Laurent Nuñez, aujourd’hui coordonnateur national du renseignement à l’Elysée et proche conseiller d’Emmanuel Macron, assure n’avoir reçu aucune pression ni avoir eu aucun échange avec Bercy sur ce sujet ; d’anciens cadres d’Uber estiment que la préfecture se serait simplement rendu compte que son arrêté initial était illégal. M. Lacresse affirme de son côté que « le ministre n’est jamais intervenu auprès de la préfecture des Bouches-du-Rhône concernant la suspension du service UberX à Marseille, ni sur des procédures judiciaires quelles qu’elles soient concernant l’entreprise Uber ».
La réaction agacée d’Uber face à l’arrêté marseillais est d’autant plus vive qu’à ce moment-là, l’entreprise est précisément en train de valider les contours précis d’un accord confidentiel avec Emmanuel Macron, proposé par le ministre. Le « deal », comme l’appellent les cadres d’Uber France, repose sur un échange simple : en contrepartie de la suspension d’UberPop, Emmanuel Macron leur fait miroiter une simplification drastique des conditions nécessaires pour obtenir une licence de VTC. Un accord « gagnant-gagnant » pour Uber, dont le service UberPop a déjà été jugé illégal à plusieurs reprises, et que l’entreprise réfléchit déjà à arrêter.
Pour y parvenir, Emmanuel Macron et Uber s’accordent sur une stratégie commune. « Il veut que nous l’aidions en communiquant clairement et de manière agressive », écrit Thibaud Simphal, dans un compte rendu de réunion en janvier 2015. Première étape : Uber rédige directement des amendements parlementaires simplifiant les conditions d’accès à la licence de VTC, pour qu’ils soient proposés par des députés et discutés au cours de l’examen du projet de loi dite « Macron 1 » ; si leur adoption est peu probable à l’Assemblée, ils donneront plus de poids au ministre pour signer un décret qui n’aura pas besoin de passer par l’Assemblée.

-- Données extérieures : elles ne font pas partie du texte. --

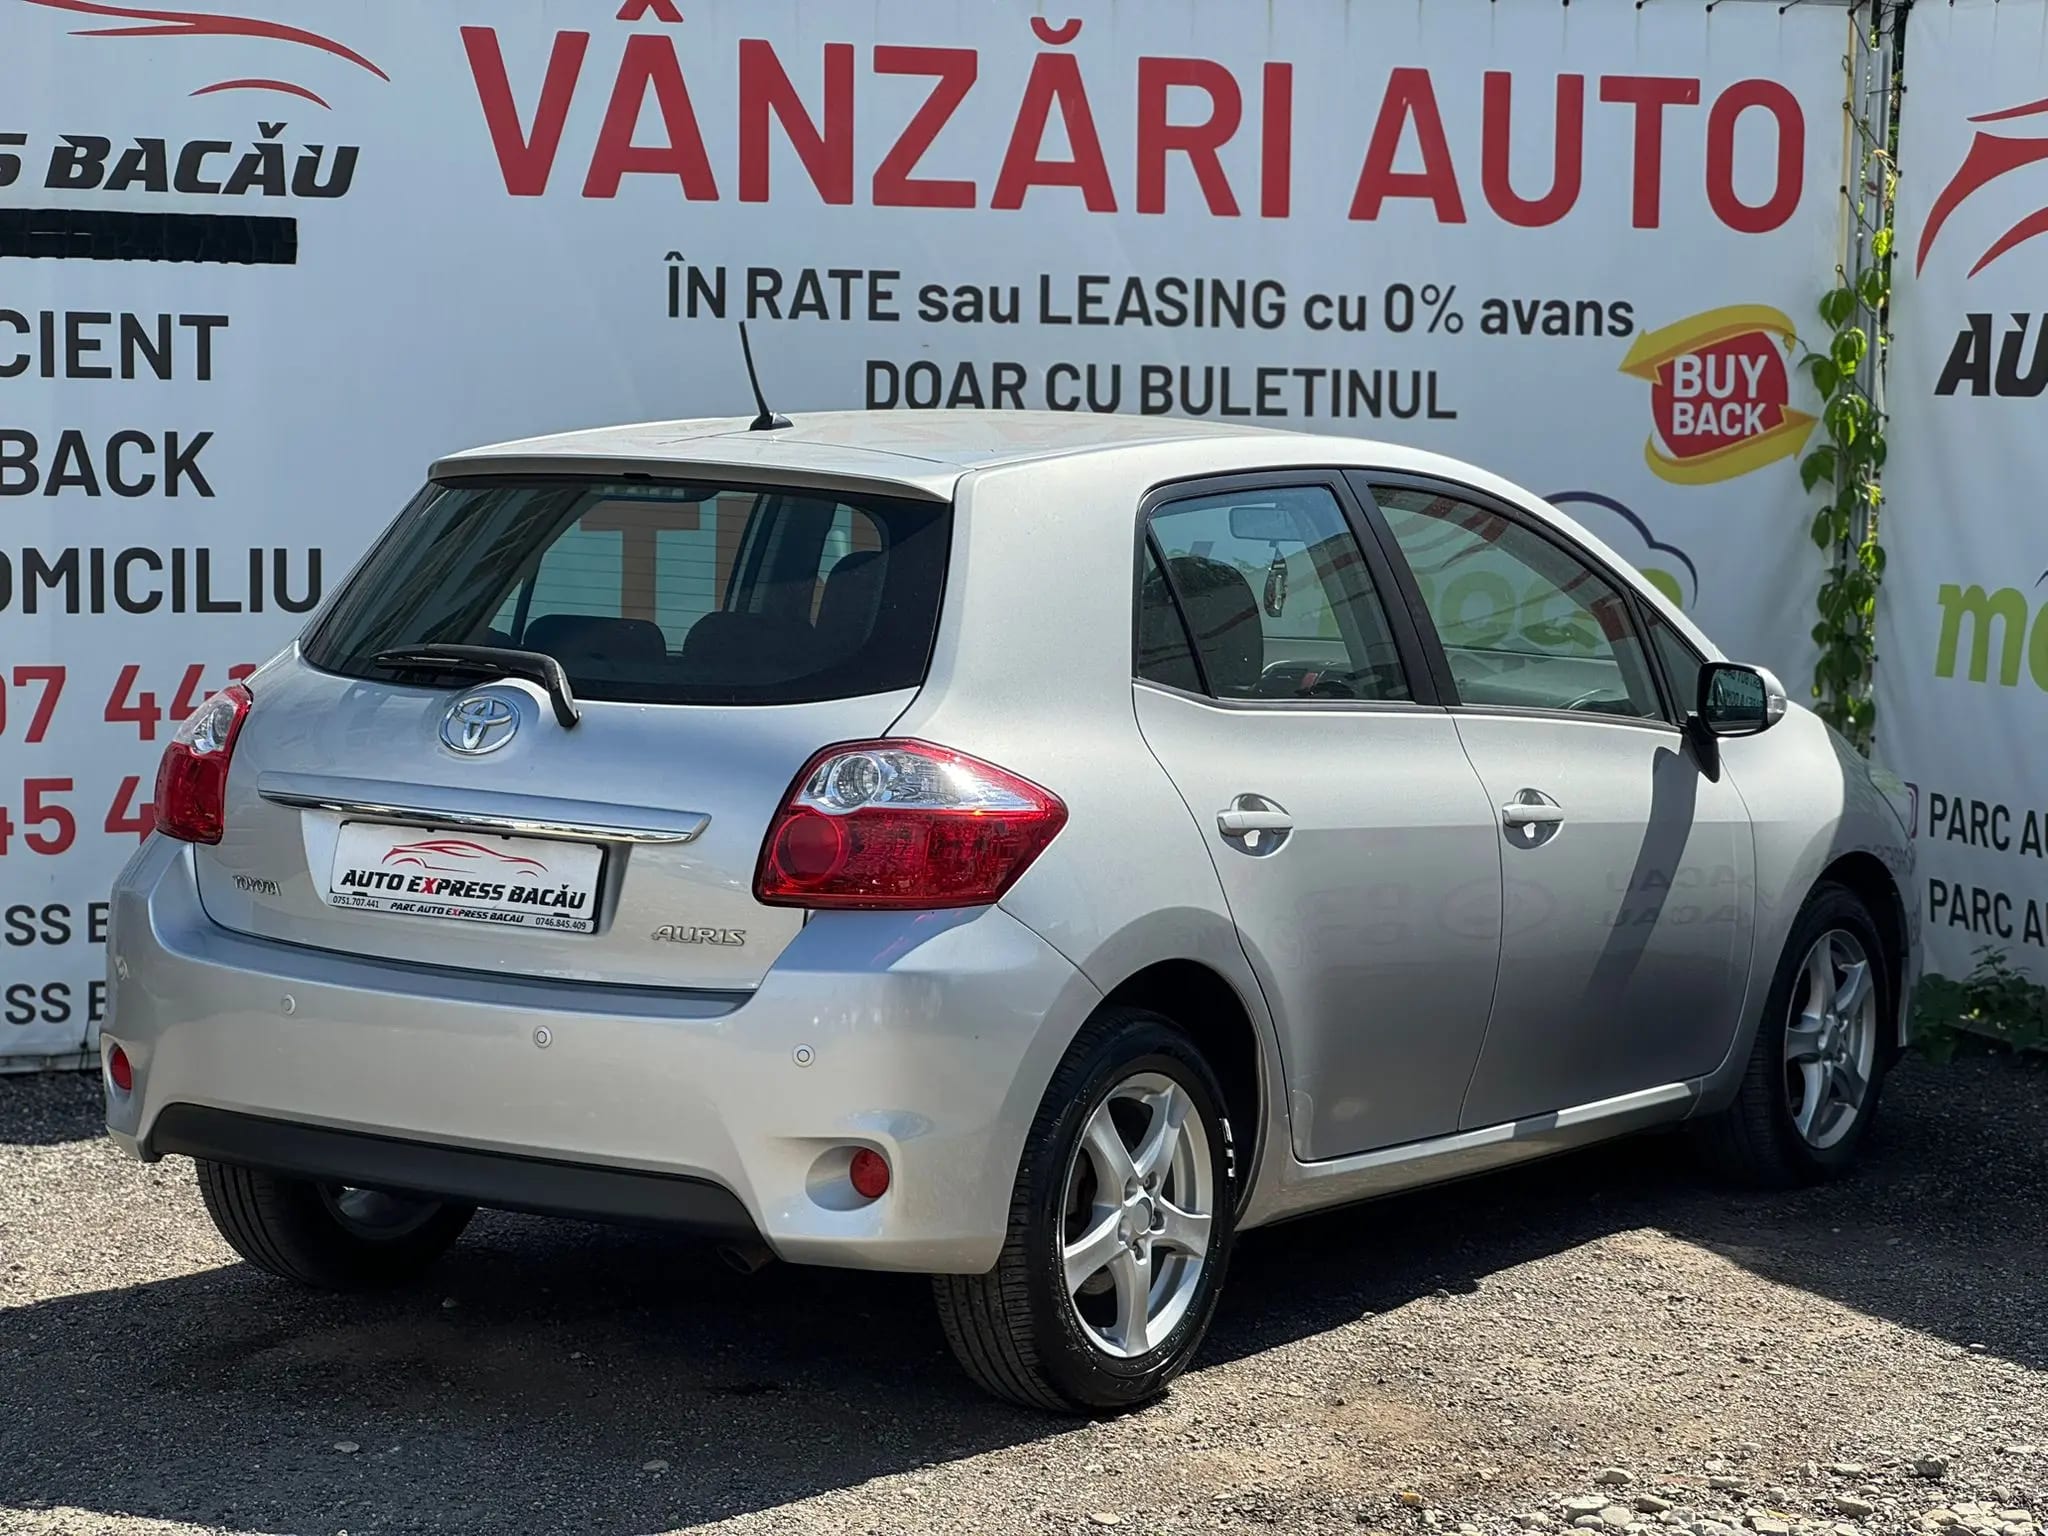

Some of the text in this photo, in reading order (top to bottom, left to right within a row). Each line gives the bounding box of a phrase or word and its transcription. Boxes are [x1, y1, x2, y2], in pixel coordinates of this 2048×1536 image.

En janvier 2015, Uber France transmet donc des amendements « clés en main » au député socialiste Luc Belot, opposé à UberPop mais très favorable à Uber, avec qui ils sont déjà en contact. « Bon appel avec Luc Belot, député socialiste, soutien-clé des VTC et d’Uber, se félicite Thibaud Simphal, le 21 janvier. Il a fait allusion à Macron à plusieurs reprises, et aussi, de manière détournée, à notre rencontre [avec Macron] d’hier soir. Il veut que le dossier VTC avance. » M. Simphal retire de cet échange « l’impression » que le député « avait reçu un coup de fil de Julie Bonamy », la rapporteuse de la mission de Thomas Thévenoud sur les taxis et les VTC en 2014, voire « de Macron lui-même, étant donné le niveau de détail qu’il avait ». Sollicité par Le Monde, M. Belot reconnaît avoir déposé des amendements tels que rédigés par Uber ou légèrement modifiés, et explique avoir été en plein accord avec leur contenu, étant convaincu qu’Uber apportait des améliorations aux services de transport.
Le plan se déroule sans accroc : les amendements présentés par Luc Belot sont rejetés ou retirés, mais Emmanuel Macron saisit l’occasion, à l’Assemblée, pour annoncer qu’un décret en reprendra les grandes lignes. Début 2016, le gouvernement réduit la durée de la formation nécessaire pour l’obtention d’une licence de VTC de deux cent cinquante à sept heures. Uber France conteste avoir obtenu une législation plus favorable à la suite de l’arrêt de Pop, et explique avoir stoppé ce service en raison du « niveau des violences visant nos utilisateurs, chauffeurs comme passagers, qui ne nous permettaient plus d’assurer leur sécurité », ainsi que par le placement en garde à vue de deux de ses cadres.